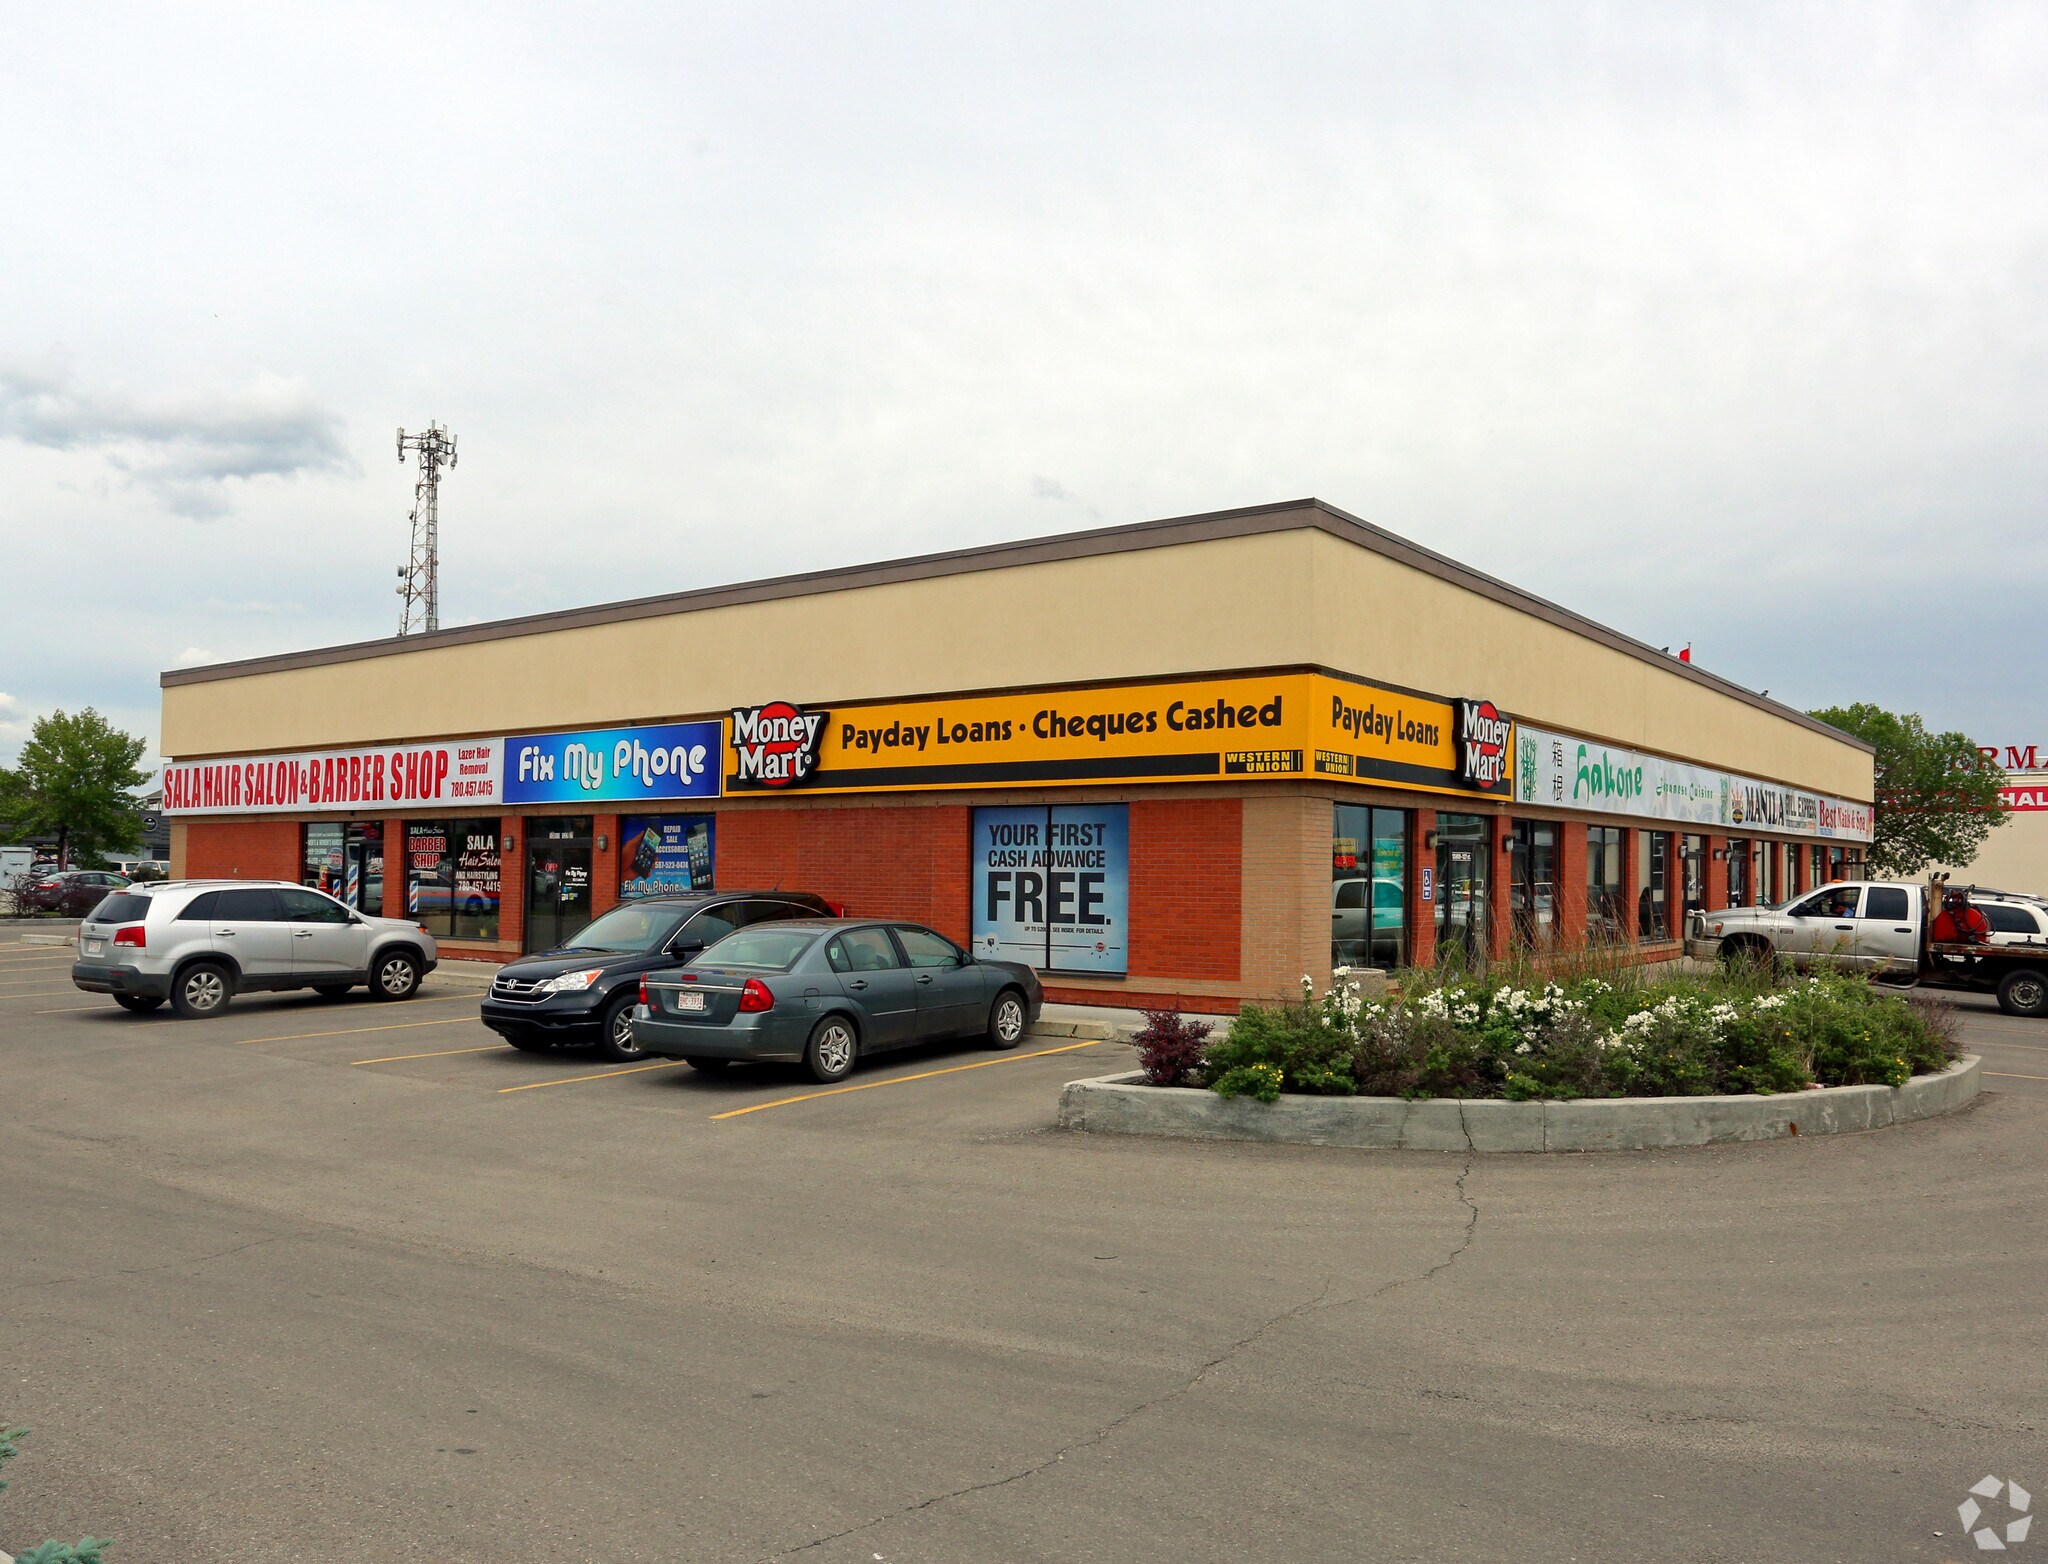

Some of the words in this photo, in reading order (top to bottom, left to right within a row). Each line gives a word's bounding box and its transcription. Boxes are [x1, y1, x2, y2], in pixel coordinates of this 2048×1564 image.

[842, 720, 930, 754] Payday
[937, 718, 1012, 744] Loans
[1032, 706, 1157, 742] Cheques
[1166, 695, 1283, 731] Cashed
[1332, 695, 1393, 744] Payday
[1397, 710, 1439, 746] Loans
[733, 709, 821, 751] Money
[1462, 702, 1510, 757] Money
[458, 748, 475, 760] Lazer
[476, 747, 491, 759] Hair
[1226, 750, 1290, 764] WESTERN
[1315, 750, 1348, 765] WESTERN
[459, 762, 488, 775] Removal
[519, 745, 555, 783] Fix
[563, 743, 603, 790] My
[613, 738, 707, 787] Phone
[739, 746, 805, 780] Mart
[1246, 762, 1290, 773] UNION
[1325, 762, 1348, 774] UNION
[1465, 742, 1501, 783] Mart
[164, 767, 200, 810] SALA
[204, 764, 241, 807] HAIR
[245, 760, 299, 807] SALON
[300, 768, 308, 795] &
[308, 754, 384, 804] BARBER
[390, 749, 449, 801] SHOP
[451, 780, 493, 798] 780.457.4415
[1745, 785, 1785, 827] MANILA
[1819, 799, 1837, 829] Best
[1838, 806, 1850, 828] Nails
[1856, 810, 1866, 834] Spa
[410, 826, 423, 835] SALA
[663, 825, 681, 833] REPAIR
[988, 823, 1039, 847] YOUR
[1046, 823, 1106, 847] FIRST
[408, 836, 447, 853] BARBER
[467, 835, 494, 850] SALA
[666, 835, 678, 843] SALE
[655, 845, 689, 853] ACCESSORIES
[414, 852, 440, 869] SHOP
[459, 851, 479, 867] Hair
[478, 851, 501, 867] Salon
[988, 849, 1027, 868] CASH
[1031, 849, 1106, 868] ADVANCE
[455, 871, 466, 880] AND
[466, 871, 498, 880] HAIRSTYLING
[624, 880, 635, 892] Fix
[638, 880, 650, 894] My
[653, 880, 679, 893] Phone
[987, 871, 1112, 925] FREE.
------
[WORK REQUEST] Copy out all of the listing word for word, but skip the images.

[OUTPUT BELOW]
Some of the words in this photo, in reading order (top to bottom, left to right within a row). Each line gives a word's bounding box and its transcription. Boxes are [x1, y1, x2, y2], in pixel coordinates of this 2048×1564 image.

[842, 720, 930, 754] Payday
[937, 718, 1012, 744] Loans
[1032, 706, 1157, 742] Cheques
[1166, 695, 1283, 731] Cashed
[1332, 695, 1393, 744] Payday
[1397, 710, 1439, 746] Loans
[733, 709, 821, 751] Money
[1462, 702, 1510, 757] Money
[458, 748, 475, 760] Lazer
[476, 747, 491, 759] Hair
[1226, 750, 1290, 764] WESTERN
[1315, 750, 1348, 765] WESTERN
[459, 762, 488, 775] Removal
[519, 745, 555, 783] Fix
[563, 743, 603, 790] My
[613, 738, 707, 787] Phone
[739, 746, 805, 780] Mart
[1246, 762, 1290, 773] UNION
[1325, 762, 1348, 774] UNION
[1465, 742, 1501, 783] Mart
[164, 767, 200, 810] SALA
[204, 764, 241, 807] HAIR
[245, 760, 299, 807] SALON
[300, 768, 308, 795] &
[308, 754, 384, 804] BARBER
[390, 749, 449, 801] SHOP
[451, 780, 493, 798] 780.457.4415
[1745, 785, 1785, 827] MANILA
[1819, 799, 1837, 829] Best
[1838, 806, 1850, 828] Nails
[1856, 810, 1866, 834] Spa
[410, 826, 423, 835] SALA
[663, 825, 681, 833] REPAIR
[988, 823, 1039, 847] YOUR
[1046, 823, 1106, 847] FIRST
[408, 836, 447, 853] BARBER
[467, 835, 494, 850] SALA
[666, 835, 678, 843] SALE
[655, 845, 689, 853] ACCESSORIES
[414, 852, 440, 869] SHOP
[459, 851, 479, 867] Hair
[478, 851, 501, 867] Salon
[988, 849, 1027, 868] CASH
[1031, 849, 1106, 868] ADVANCE
[455, 871, 466, 880] AND
[466, 871, 498, 880] HAIRSTYLING
[624, 880, 635, 892] Fix
[638, 880, 650, 894] My
[653, 880, 679, 893] Phone
[987, 871, 1112, 925] FREE.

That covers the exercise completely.